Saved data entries
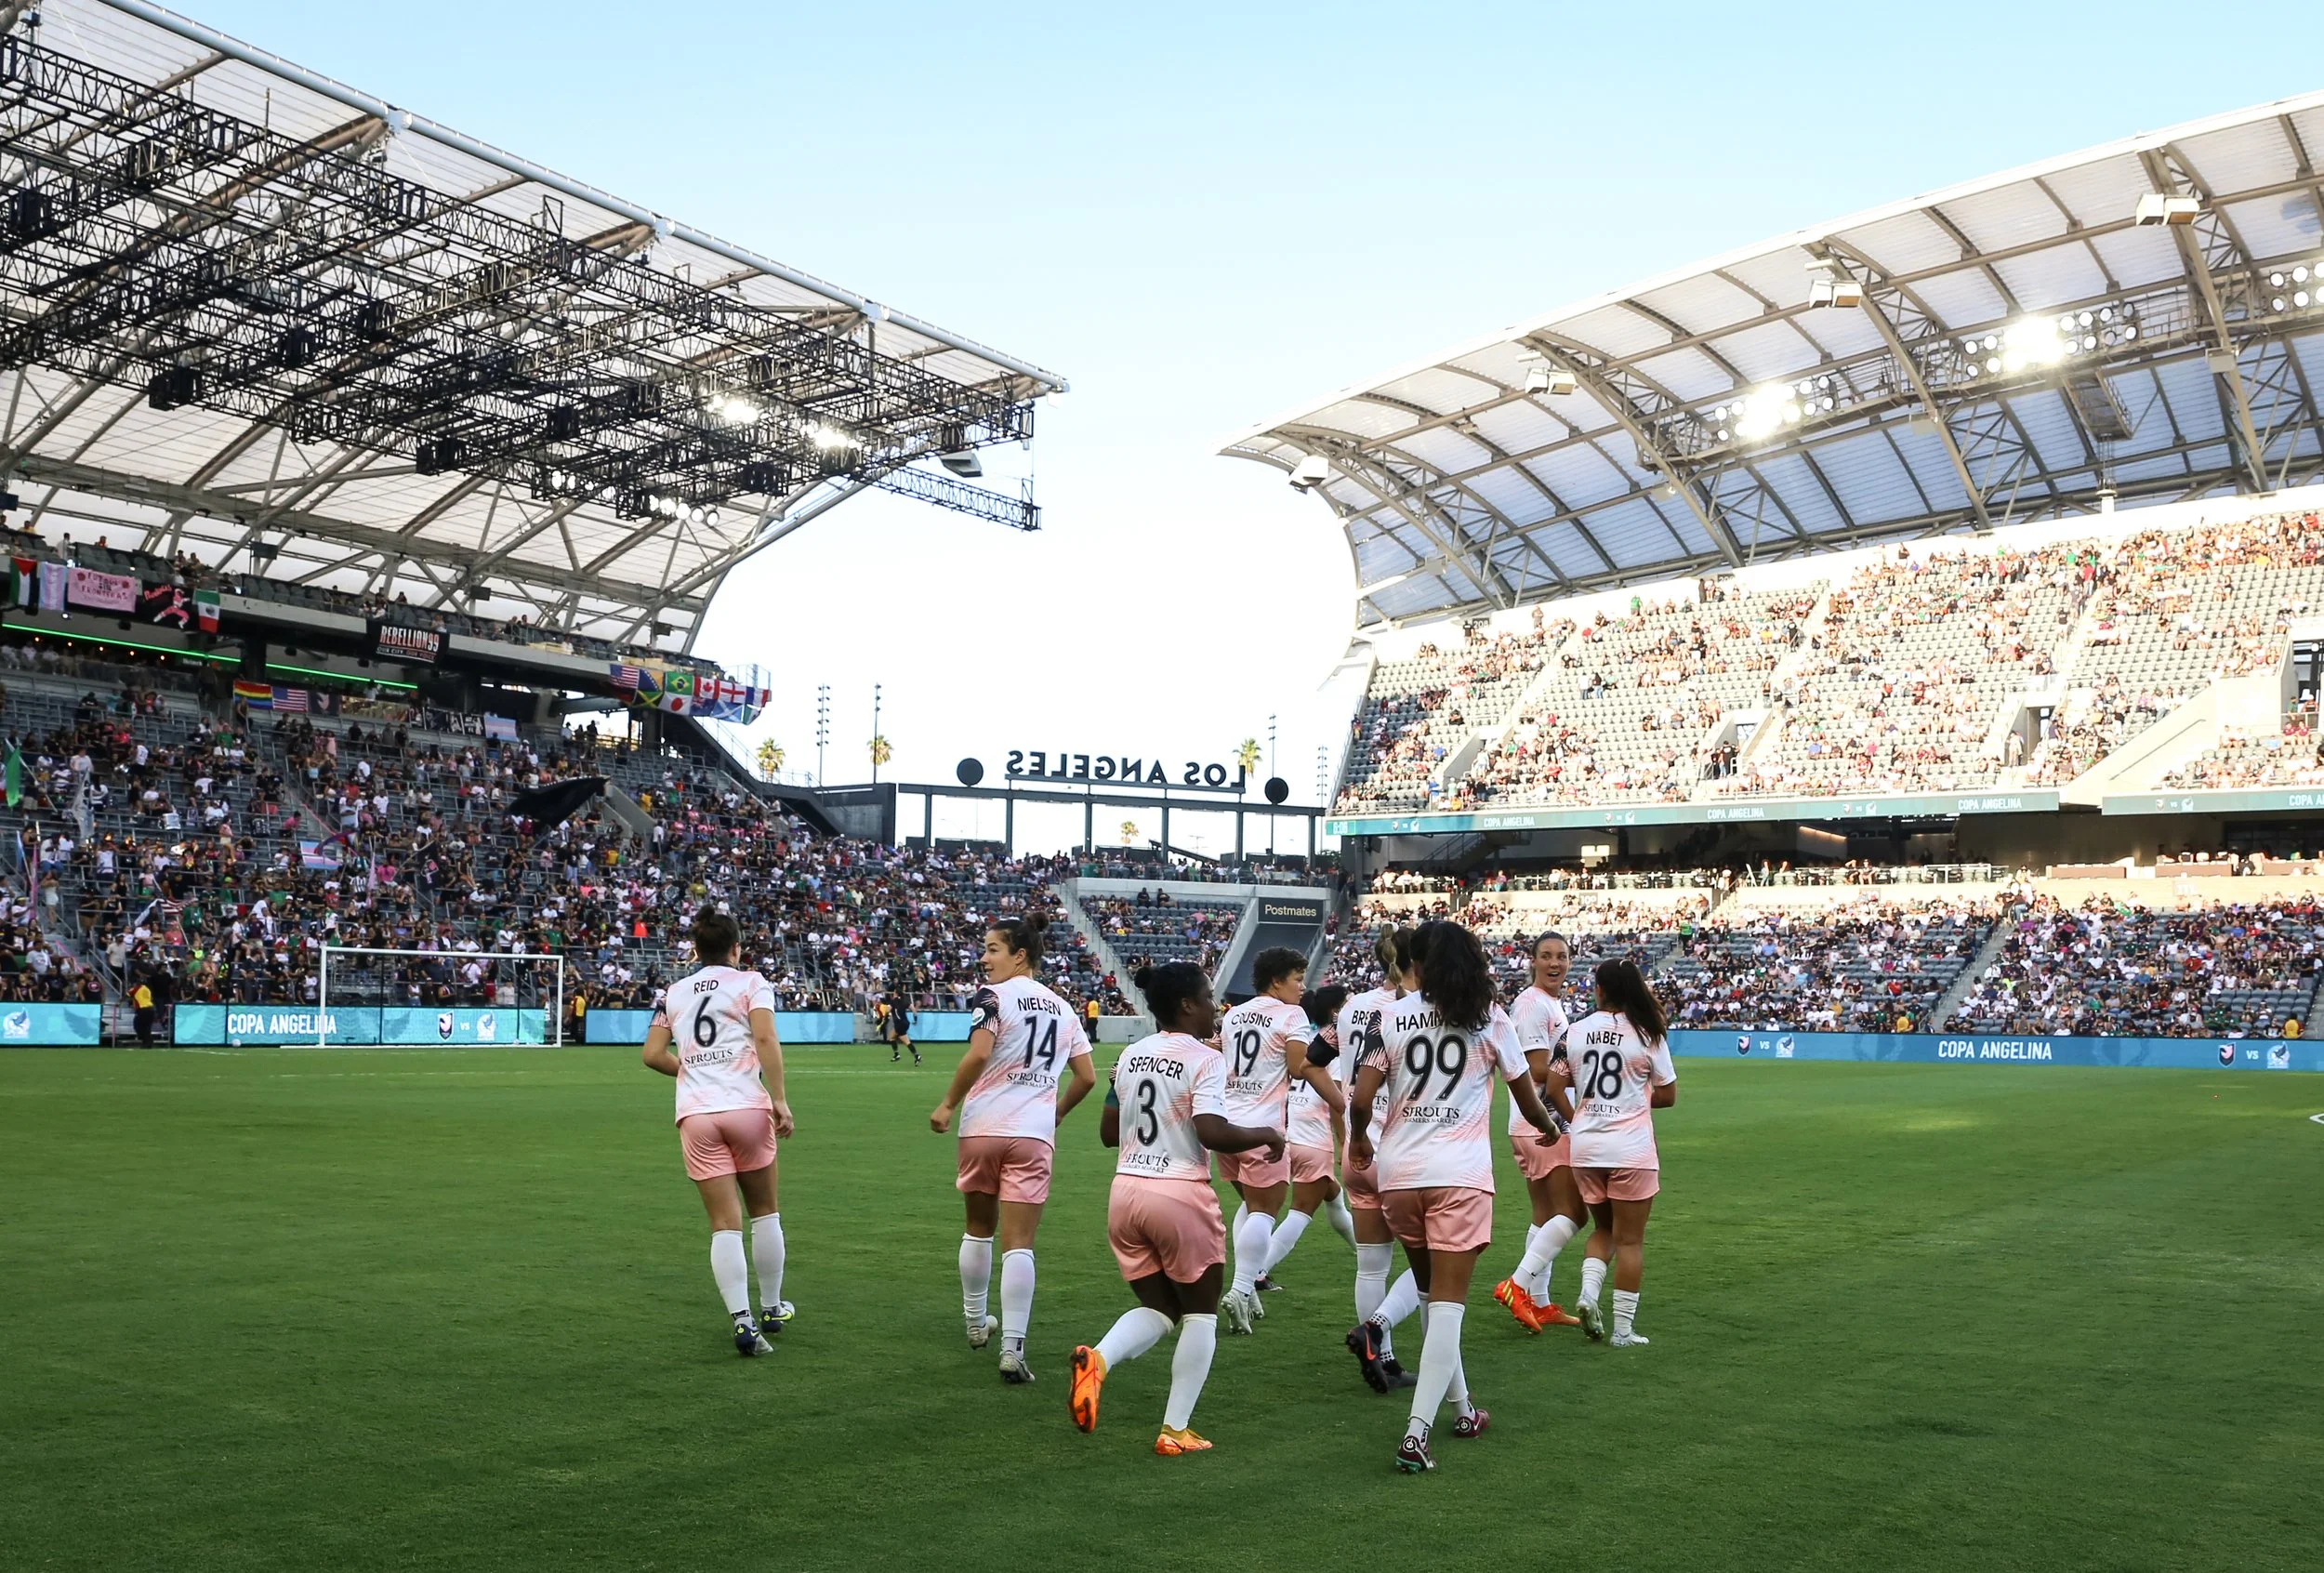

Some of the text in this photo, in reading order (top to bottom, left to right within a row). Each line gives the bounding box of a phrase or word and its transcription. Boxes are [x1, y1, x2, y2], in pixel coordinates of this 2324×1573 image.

[379, 625, 440, 653] REBELLION99
[1958, 797, 2022, 811] COPA ANGELINA
[2289, 795, 2313, 807] COPA
[1484, 816, 1535, 827] COPA ANGELINA
[1707, 807, 1764, 820] COPA ANGELINA
[1264, 904, 1316, 917] Postmates
[693, 980, 720, 995] REID
[1017, 998, 1062, 1016] NIELSEN
[227, 1013, 265, 1034] COPA
[693, 995, 717, 1048] 6
[1231, 1011, 1273, 1028] COUSINS
[1024, 1014, 1058, 1073] 14
[1586, 1031, 1624, 1047] NABET
[684, 1049, 733, 1065] SPROUTS
[1233, 1030, 1261, 1077] 19
[1938, 1041, 2053, 1060] COPA ANGELINA
[2246, 1050, 2259, 1060] VS
[1129, 1056, 1184, 1080] SPENCER
[1406, 1034, 1467, 1101] 99
[1582, 1050, 1623, 1101] 28
[1006, 1073, 1056, 1084] SPROUTS
[1227, 1080, 1262, 1091] SPROUTS
[1138, 1078, 1158, 1146] 3
[1402, 1106, 1459, 1119] SPROUTS
[1125, 1153, 1169, 1168] PROUTS
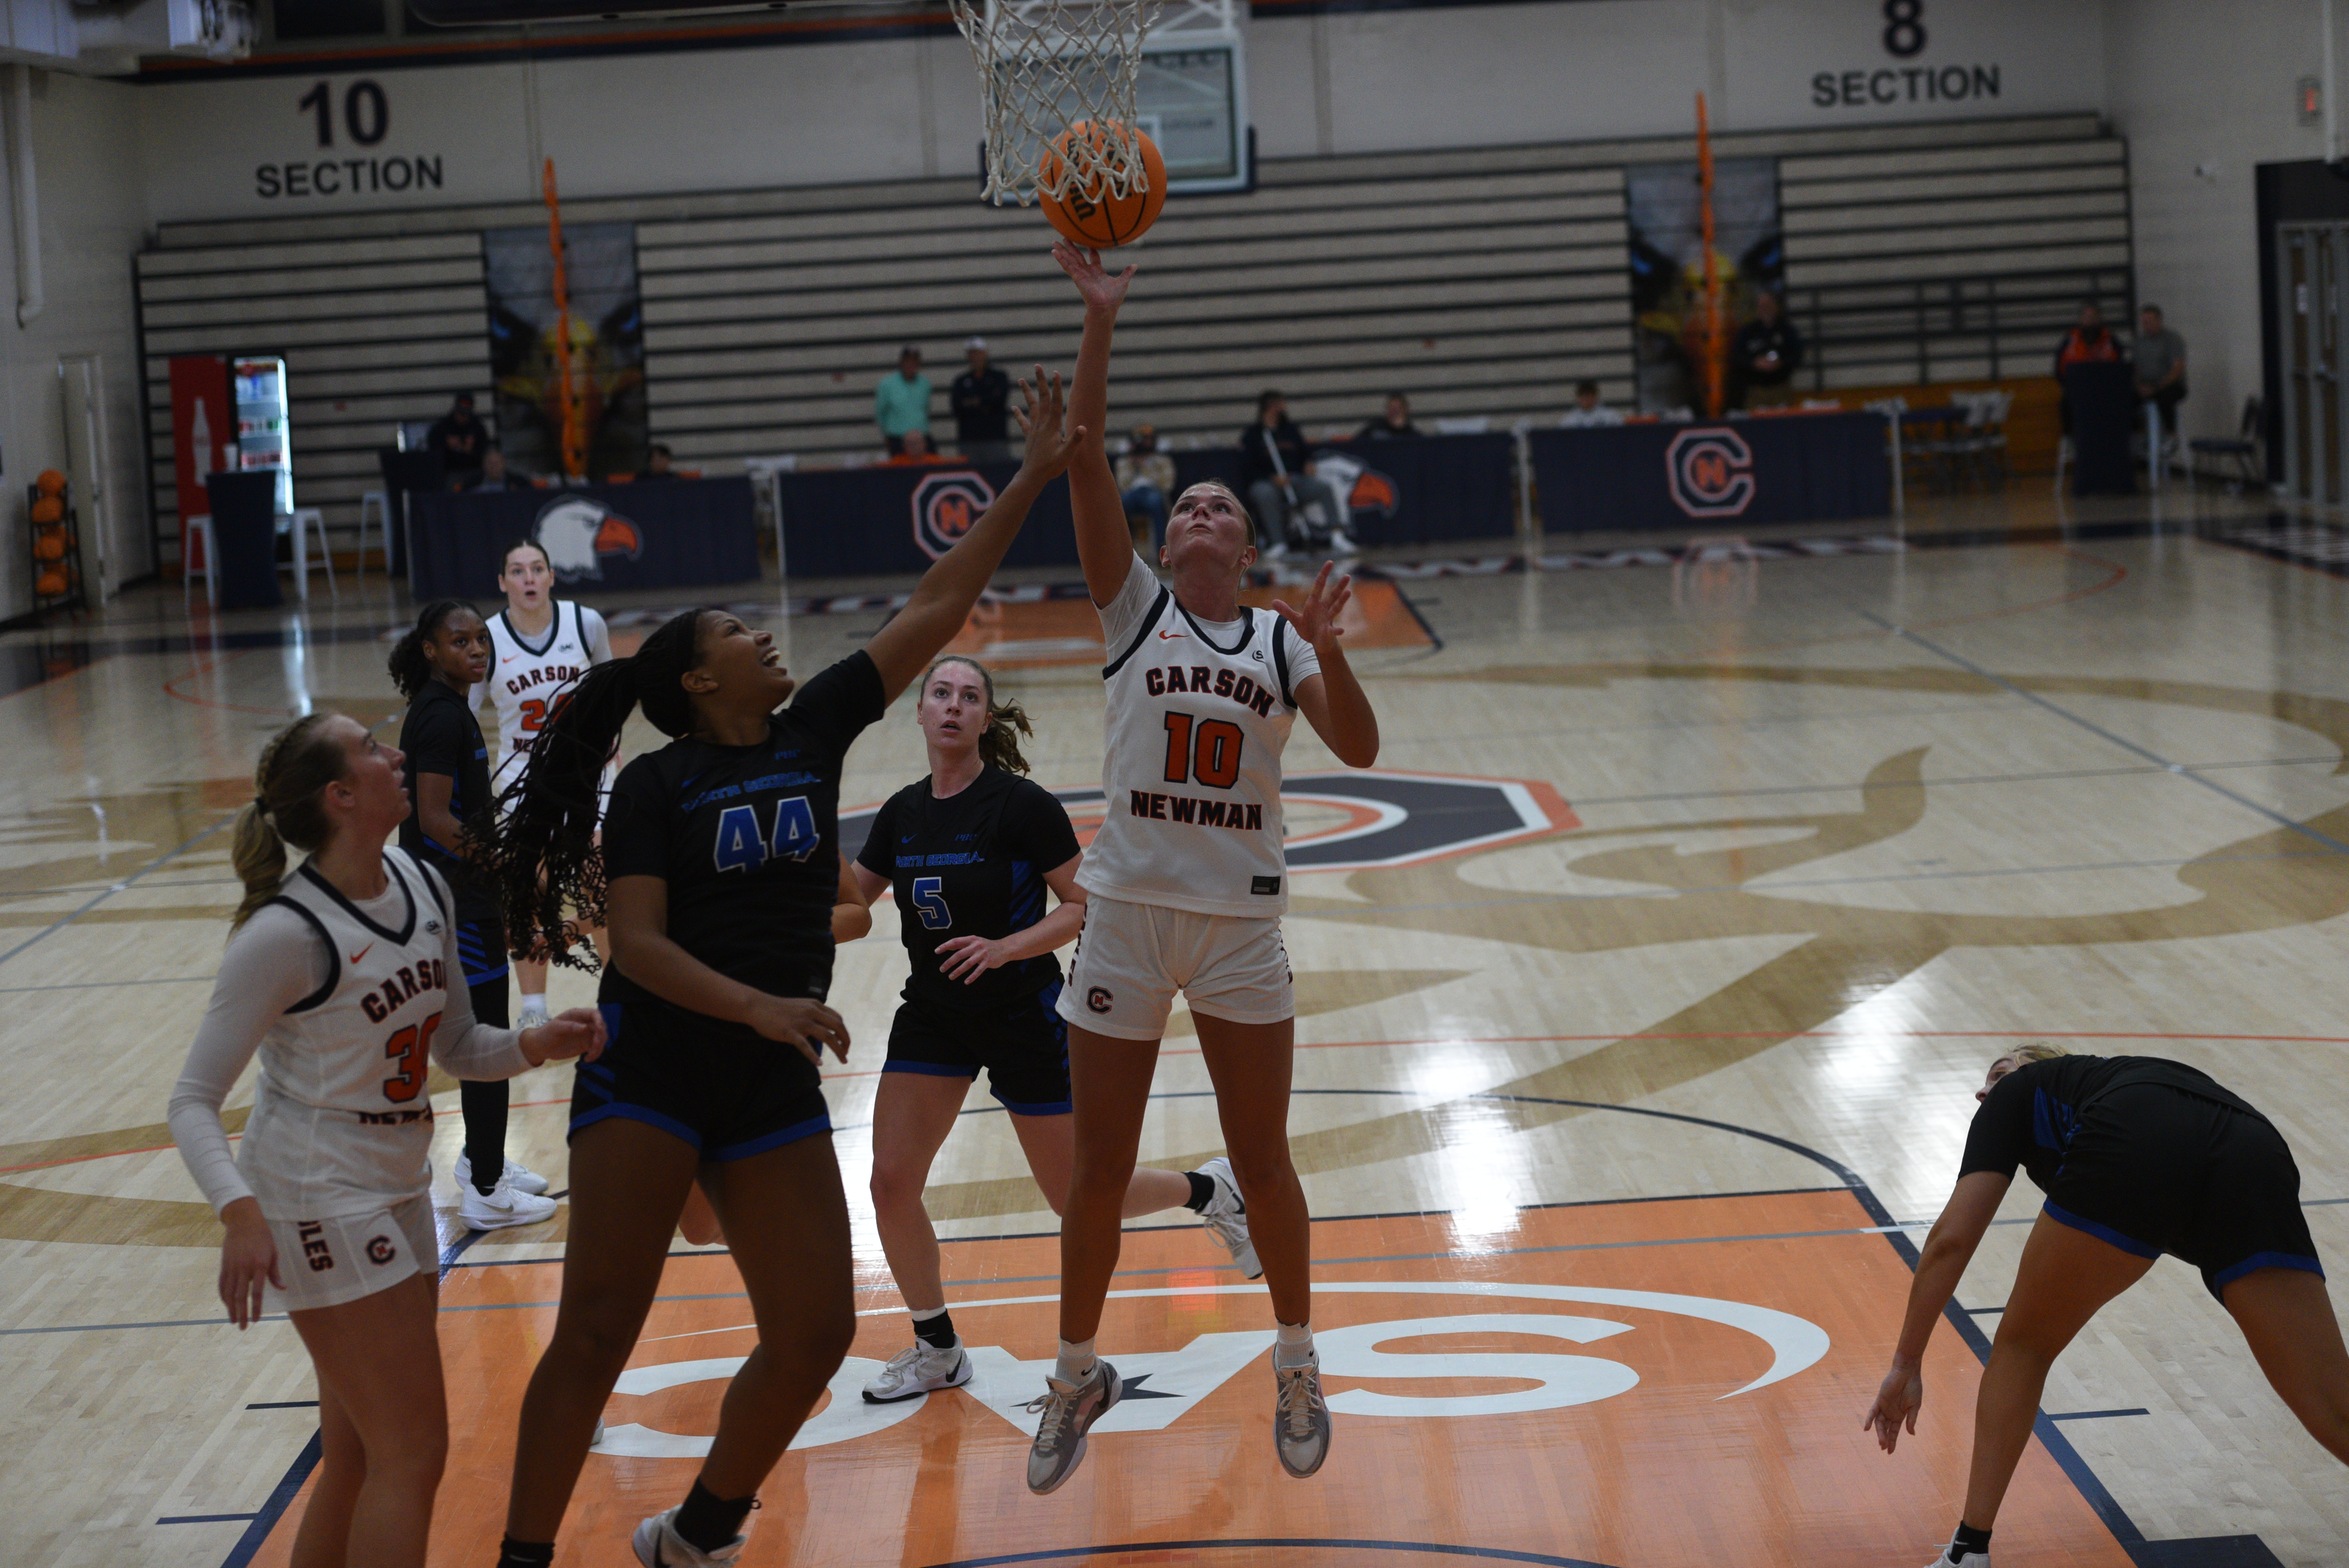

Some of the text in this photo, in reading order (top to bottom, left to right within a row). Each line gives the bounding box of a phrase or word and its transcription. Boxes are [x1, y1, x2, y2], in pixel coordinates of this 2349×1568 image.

[1884, 0, 1927, 57] 8
[1812, 62, 2000, 107] SECTION
[301, 79, 388, 146] 10
[257, 154, 442, 198] SECTION
[506, 665, 581, 695] CARSON
[1146, 665, 1275, 719] CARSON
[1164, 710, 1244, 789] 10
[713, 795, 820, 873] 44
[1130, 789, 1262, 830] NEWMAN
[926, 850, 984, 867] GEORGIA
[912, 876, 953, 930] 5

* [Exercise brief]
Copy all the data exactly as written, but skip any picture.

* [Output of the exercise]
Some of the text in this photo, in reading order (top to bottom, left to right within a row). Each line gives the bounding box of a phrase or word and its transcription. Boxes are [x1, y1, x2, y2], in pixel coordinates of this 2324×1573 image.

[379, 625, 440, 653] REBELLION99
[1958, 797, 2022, 811] COPA ANGELINA
[2289, 795, 2313, 807] COPA
[1484, 816, 1535, 827] COPA ANGELINA
[1707, 807, 1764, 820] COPA ANGELINA
[1264, 904, 1316, 917] Postmates
[693, 980, 720, 995] REID
[1017, 998, 1062, 1016] NIELSEN
[227, 1013, 265, 1034] COPA
[693, 995, 717, 1048] 6
[1231, 1011, 1273, 1028] COUSINS
[1024, 1014, 1058, 1073] 14
[1586, 1031, 1624, 1047] NABET
[684, 1049, 733, 1065] SPROUTS
[1233, 1030, 1261, 1077] 19
[1938, 1041, 2053, 1060] COPA ANGELINA
[2246, 1050, 2259, 1060] VS
[1129, 1056, 1184, 1080] SPENCER
[1406, 1034, 1467, 1101] 99
[1582, 1050, 1623, 1101] 28
[1006, 1073, 1056, 1084] SPROUTS
[1227, 1080, 1262, 1091] SPROUTS
[1138, 1078, 1158, 1146] 3
[1402, 1106, 1459, 1119] SPROUTS
[1125, 1153, 1169, 1168] PROUTS

Some of the text in this photo, in reading order (top to bottom, left to right within a row). Each line gives the bounding box of a phrase or word and its transcription. Boxes are [x1, y1, x2, y2], in pixel coordinates of this 2349×1568 image.

[1884, 0, 1927, 57] 8
[1812, 62, 2000, 107] SECTION
[301, 79, 388, 146] 10
[257, 154, 442, 198] SECTION
[506, 665, 581, 695] CARSON
[1146, 665, 1275, 719] CARSON
[1164, 710, 1244, 789] 10
[713, 795, 820, 873] 44
[1130, 789, 1262, 830] NEWMAN
[926, 850, 984, 867] GEORGIA
[912, 876, 953, 930] 5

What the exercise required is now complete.